**Data for review:**
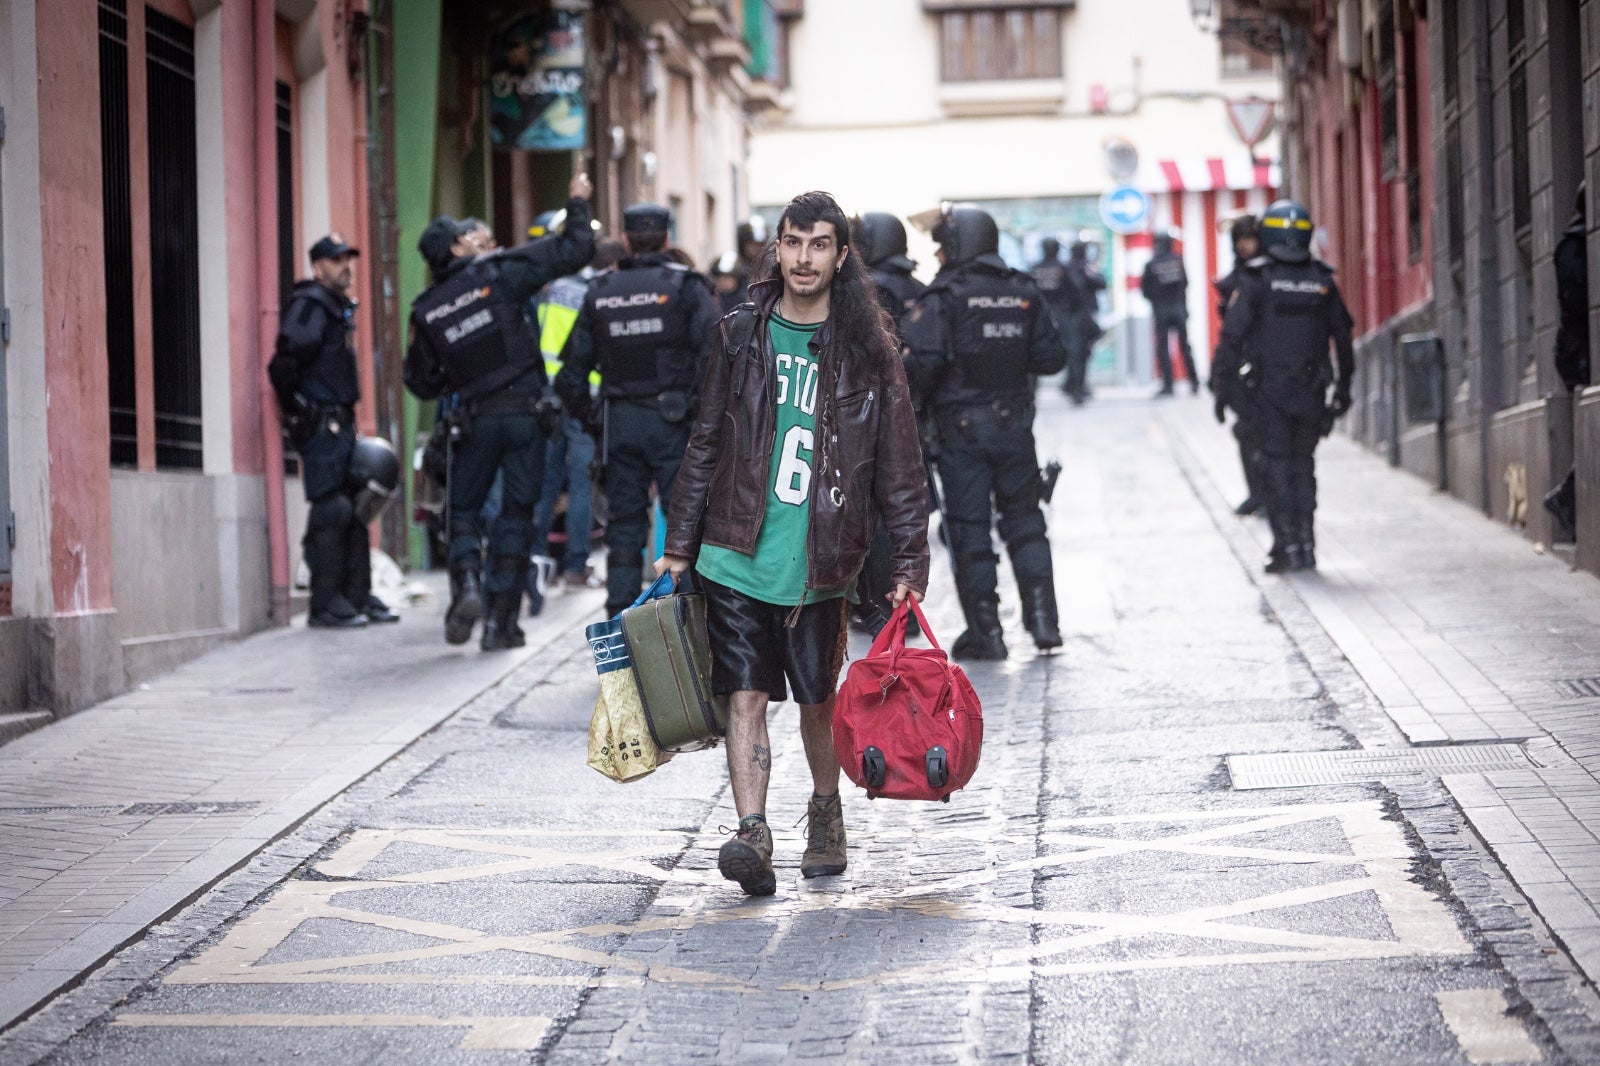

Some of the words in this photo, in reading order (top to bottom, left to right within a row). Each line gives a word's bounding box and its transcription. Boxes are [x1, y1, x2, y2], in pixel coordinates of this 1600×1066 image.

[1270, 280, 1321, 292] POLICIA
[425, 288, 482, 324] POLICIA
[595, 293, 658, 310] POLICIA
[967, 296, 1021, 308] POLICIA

**Task statement:** Reproduce the data exactly, please, and omit its pictures.

**Solution:**
Some of the words in this photo, in reading order (top to bottom, left to right within a row). Each line gives a word's bounding box and its transcription. Boxes are [x1, y1, x2, y2], in pixel coordinates of this 1600×1066 image.

[1270, 280, 1321, 292] POLICIA
[425, 288, 482, 324] POLICIA
[595, 293, 658, 310] POLICIA
[967, 296, 1021, 308] POLICIA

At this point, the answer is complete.